I think I met the most joyful lady in Thailand. Her name is Nok and she owns an adorable smoothie shop. I pass her everyday on my way to ministry and she always greets me with a beaming smile as I walk by. We blow kisses back and forth and wish each other a good day.
I’ve been buying smoothies from her for a week now. She always makes them so special and delicious, but I honestly think I would come here even if they weren’t delicious. Her joy pulls me in everyday and just being around her makes me smile. I want so bad to tell her about Jesus, but I feel the Lord telling me to be patient. Instead, I ask her how to spell her name and tell her that I’m writing it in my prayer journal. She says thank you but I can tell she doesn’t really understand. It’s okay because right now I just want her to know that I care.
I have so much fun talking with her. After two weeks of getting smoothies from her I learn a little bit about her life, family, and smoothie business. Some things were lost in translation, but from what I understood she is divorced, has 2 kids, and a sister that lives nearby. She shows me pictures of them, which gives me the perfect idea!
The day before I leave I go and get a print of the photo I took with her the other day. I write a note on the back telling her who she is and how much I love her and how much Jesus loves her. After lunch I walk to her stand and tell her I have something for her. She reaches out her hand and as soon as she sees what I’ve given her she squeals with joy and hugs/kisses me frantically as tears roll down her cheeks. She can’t believe the gift. I think it shocked her how much I cared about her. She excitedly showed the photo to her daughter then they get back to cutting fruit. I can hear her still sniffling from crying which makes me tear up as well. Tomorrow I have to say goodbye to my precious friend.
I walk up to her stand for the last time and she quickly says hello then points to a small little picture on the front of her stand that every customer will see. Now I’m taken by surprise. I didn’t know she cared so much.
On my last day she made me THE BEST mango passion fruit smoothie (no seeds) and the whole time I sat there drinking it I was trying to hold back the tears. It starts down pouring rain so I wait it out as long as I can before I must leave. The time comes and I walk up to her window to pay and say goodbye. I tell her again how blessed I was by her and how much I’ll miss her. My eyes start to water as I ask her if she knows who Jesus is. She confusingly shakes her head no so I try my best to explain the story. I honestly doubt she understood me because at this point I was balling. Jesus gave me His love for this woman and it wrecked me more than anything else I’ve seen or experienced on this trip. As I speak to her she says. “Tessa, you making me cry.” (Well, Nok, you were making me cry!). The last thing I say is that Jesus sees her because he sent me to her. She hugs me tightly, then sends me on my way with a plastic bag to protect me from the rain.
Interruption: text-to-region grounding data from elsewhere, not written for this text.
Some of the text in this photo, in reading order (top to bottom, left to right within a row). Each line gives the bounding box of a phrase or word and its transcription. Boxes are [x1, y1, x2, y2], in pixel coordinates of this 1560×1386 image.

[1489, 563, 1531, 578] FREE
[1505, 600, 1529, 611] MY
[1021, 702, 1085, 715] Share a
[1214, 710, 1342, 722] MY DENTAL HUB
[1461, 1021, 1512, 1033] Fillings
I hope I made a difference in her life. I hope that she saw the Jesus in me. I hope it showed her how loved she is. I hope I planted a seed.
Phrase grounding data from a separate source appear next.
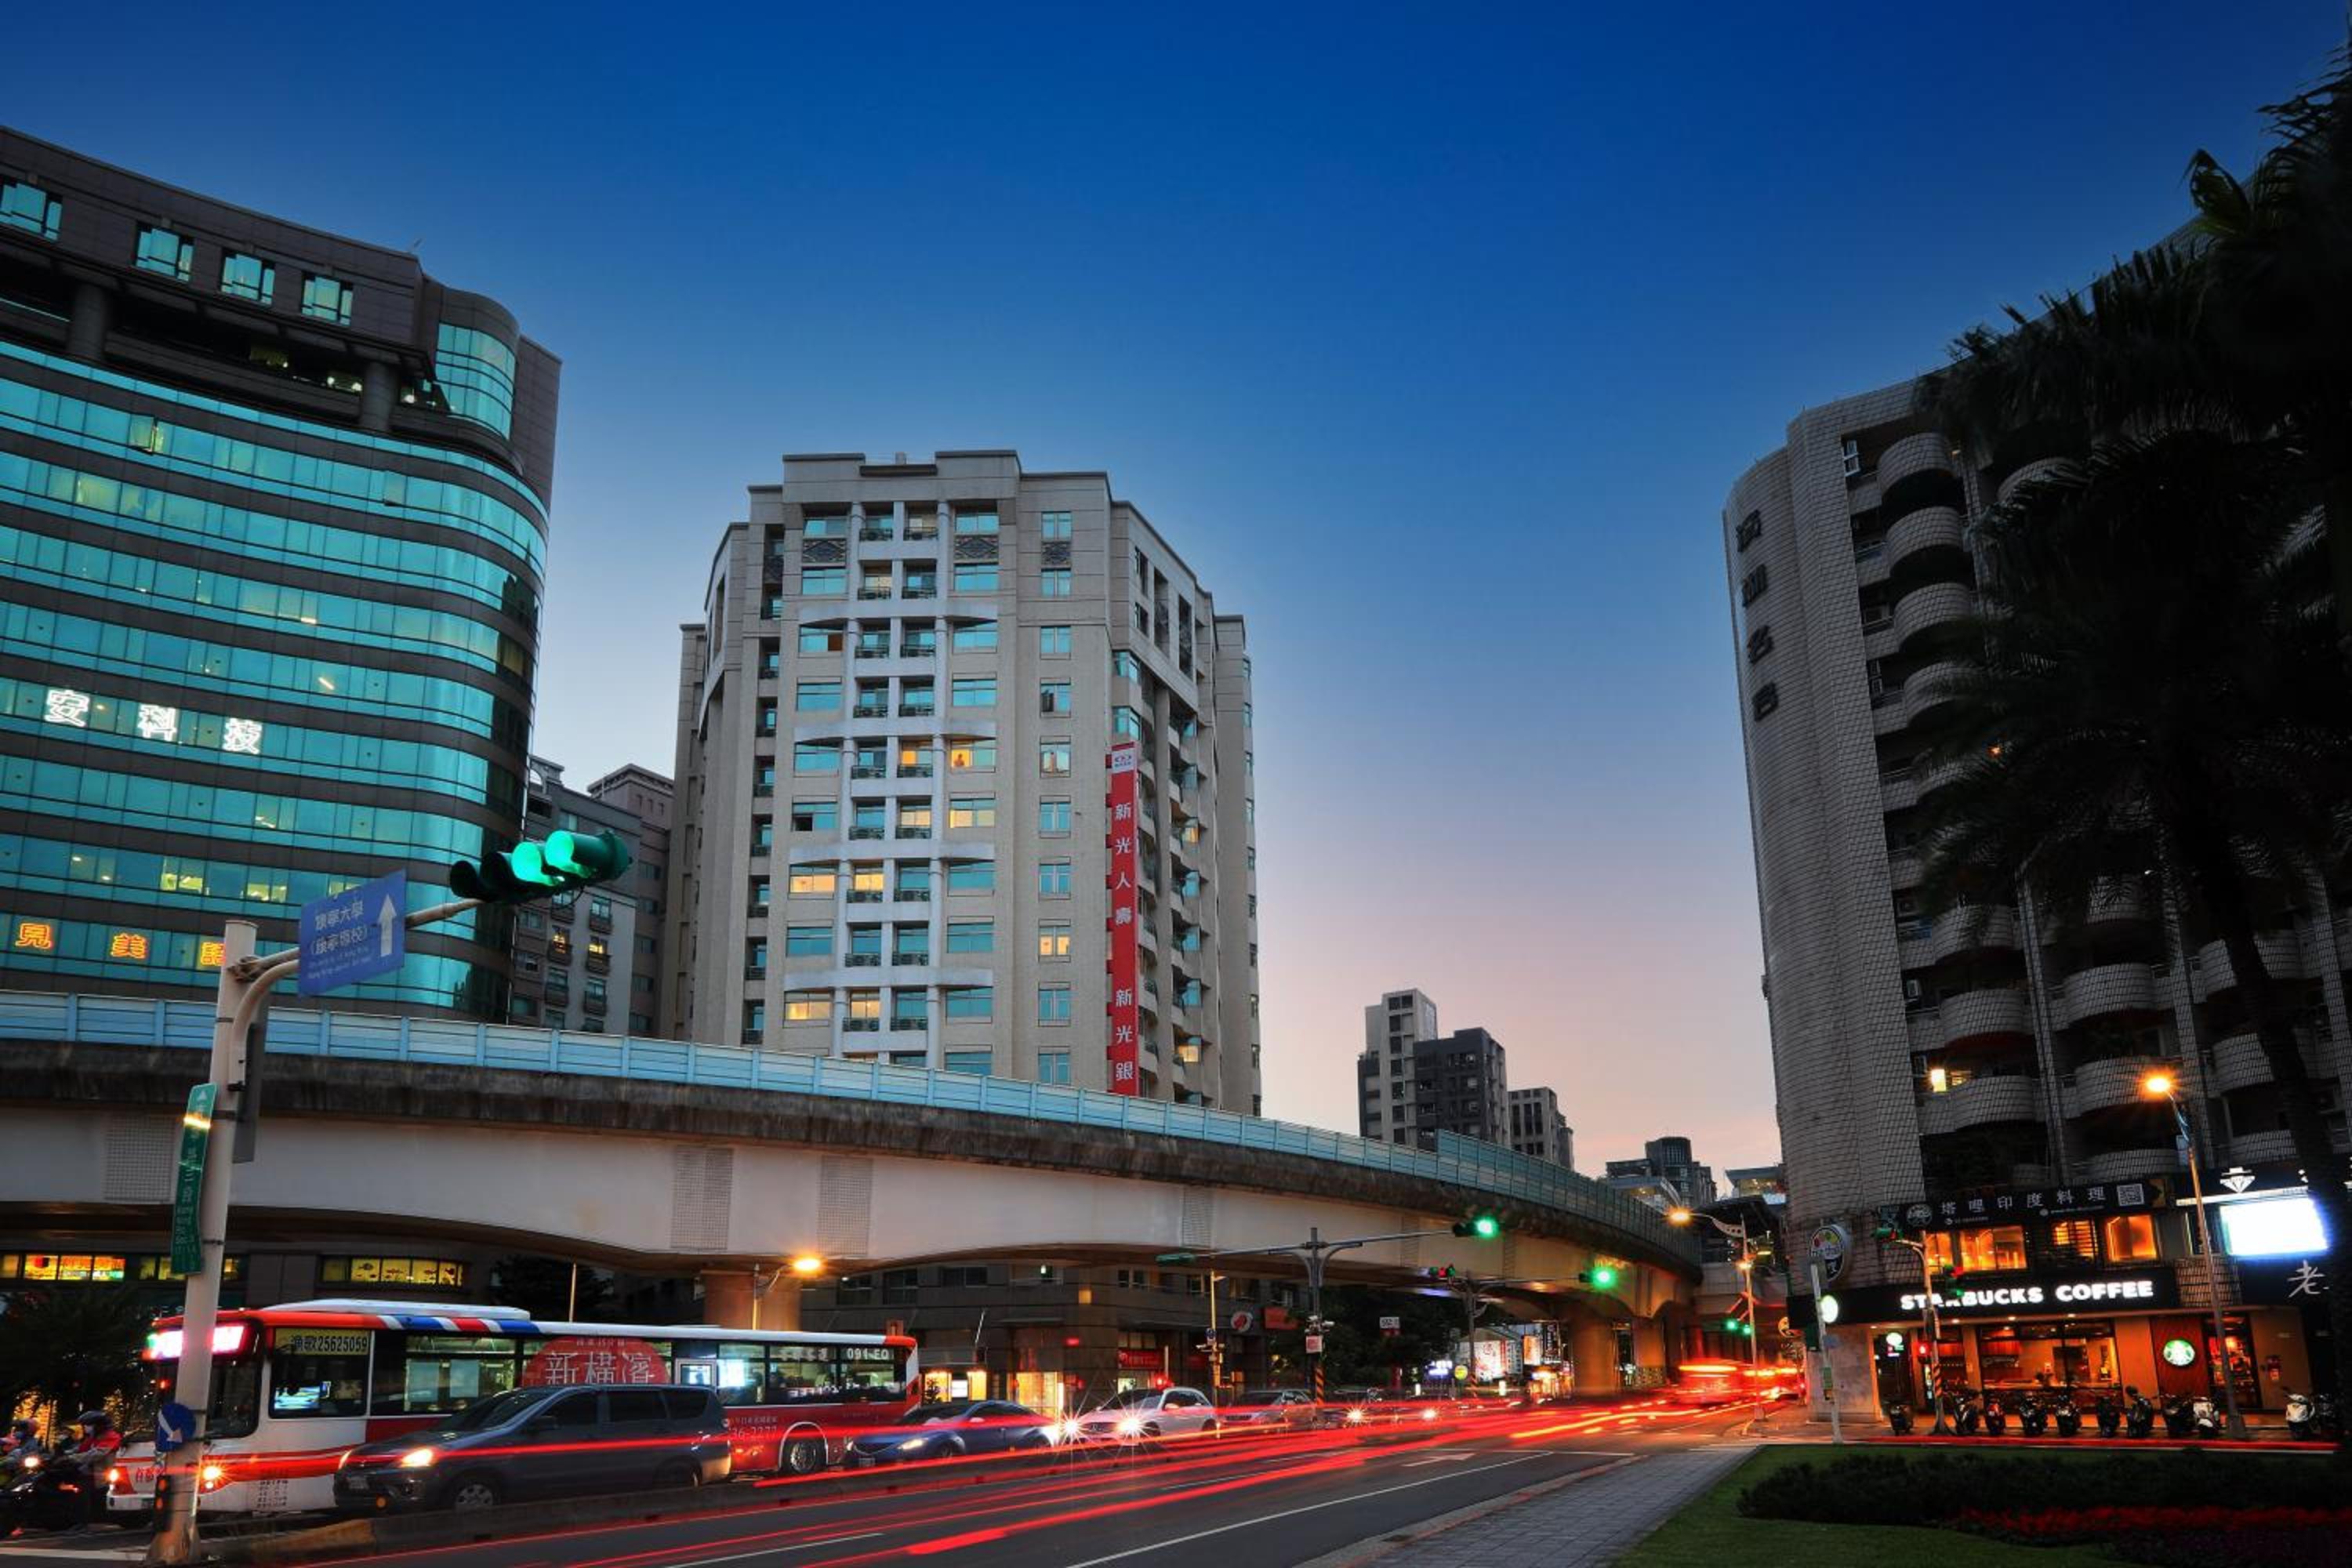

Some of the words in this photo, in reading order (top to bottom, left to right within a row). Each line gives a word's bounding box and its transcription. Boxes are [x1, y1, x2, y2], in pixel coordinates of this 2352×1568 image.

[45, 690, 263, 754] 安科技
[1115, 803, 1132, 925] 新光人壽
[1115, 989, 1133, 1080] 新光銀
[2055, 1280, 2154, 1302] COFFEE
[2287, 1259, 2330, 1298] 老
I cried all the way home, my tears hidden by the downpour of rain. How sweet it was to love someone that made saying goodbye so hard.
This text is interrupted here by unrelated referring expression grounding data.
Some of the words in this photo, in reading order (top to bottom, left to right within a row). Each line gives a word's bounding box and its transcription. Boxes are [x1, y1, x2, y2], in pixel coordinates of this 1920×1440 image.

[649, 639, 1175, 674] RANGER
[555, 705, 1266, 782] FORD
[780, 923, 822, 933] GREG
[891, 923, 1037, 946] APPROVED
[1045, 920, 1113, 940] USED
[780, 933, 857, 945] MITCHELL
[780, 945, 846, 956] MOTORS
There is a song by The Lumineers called Nobody Knows that I believe captures this story. It goes something like this:
Nobody knows how to say goodbye
It seems so easy ’til you try
Then the moments passed you by
Nobody knows how to say goodbye
Love is deep as the road is long
And moves my feet to carry on
Love is deep as the road is long
Nobody knows how the story ends
Live the day, doing what you can
This is only where it began
Nobody knows how the story ends
Nobody knows how the story ends
The truth is, I don’t know how this story will end and that’s hard. I hope I can see her again but I’m not sure if that will ever happen. I have to trust that the Lord is going to continue to work in her life. It’s hard not being there for Nok, but I have faith that the short time I had with her was all part of a greater plan where the Lord is slowly revealing Himself to her.
Who knows, maybe I’ll meet her again in Heaven. After all, this is only the beginning of her story.